All of the data that follows is to be printed exactly, without pictures.

Text-to-region grounding data
※ ※ ※

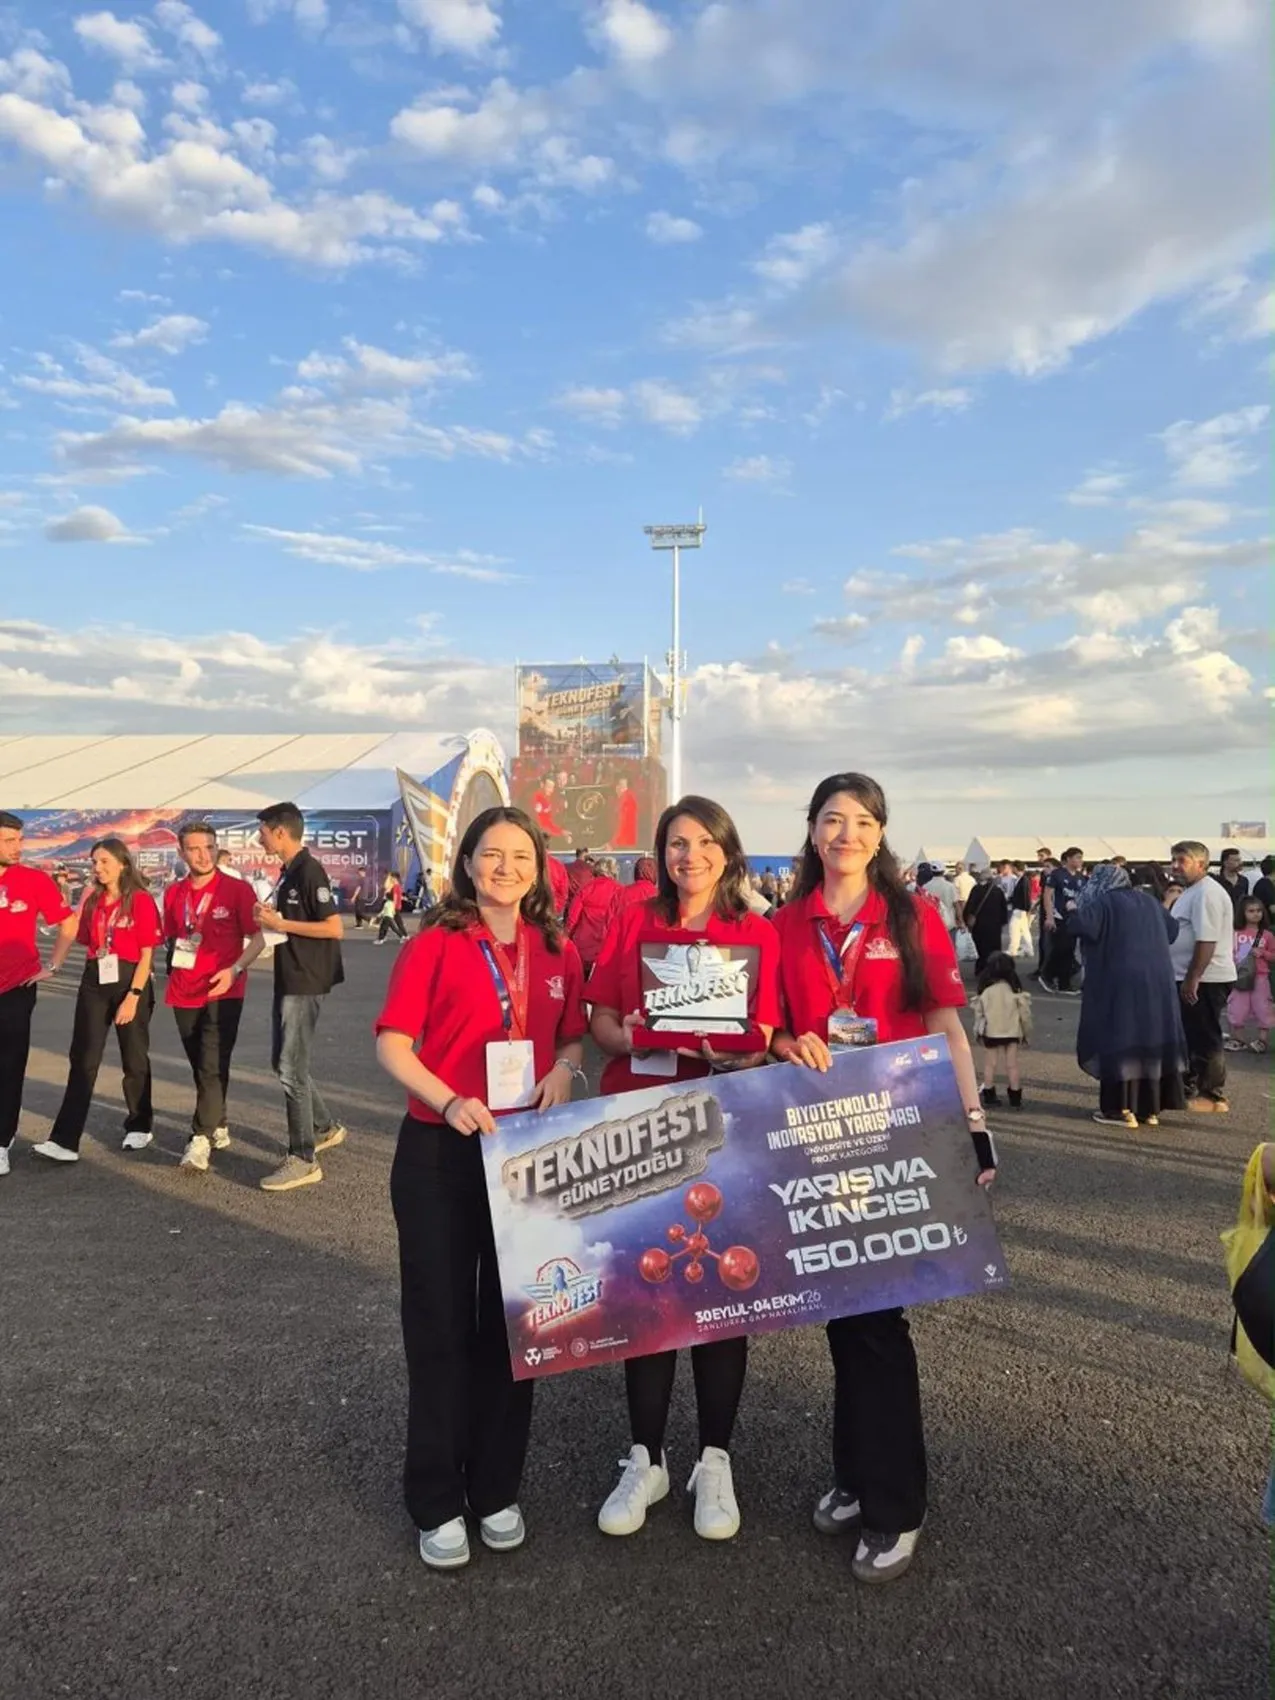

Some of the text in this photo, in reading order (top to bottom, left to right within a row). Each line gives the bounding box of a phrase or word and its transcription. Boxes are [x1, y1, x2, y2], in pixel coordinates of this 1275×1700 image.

[545, 684, 621, 707] TEKNOFEST
[214, 829, 368, 849] TEKFEST
[844, 1105, 921, 1136] YARIŞMASI
[509, 1097, 712, 1200] TEKNOFEST
[558, 1147, 684, 1208] GÜNEYDOĞU
[768, 1157, 937, 1206] YARIŞMA
[526, 1280, 602, 1330] TEKNOFEST

※ ※ ※

SOLVED PROBLEM
Some of the text in this photo, in reading order (top to bottom, left to right within a row). Each line gives the bounding box of a phrase or word and its transcription. Boxes are [x1, y1, x2, y2], in pixel coordinates of this 1275×1700 image.

[545, 684, 621, 707] TEKNOFEST
[214, 829, 368, 849] TEKFEST
[844, 1105, 921, 1136] YARIŞMASI
[509, 1097, 712, 1200] TEKNOFEST
[558, 1147, 684, 1208] GÜNEYDOĞU
[768, 1157, 937, 1206] YARIŞMA
[526, 1280, 602, 1330] TEKNOFEST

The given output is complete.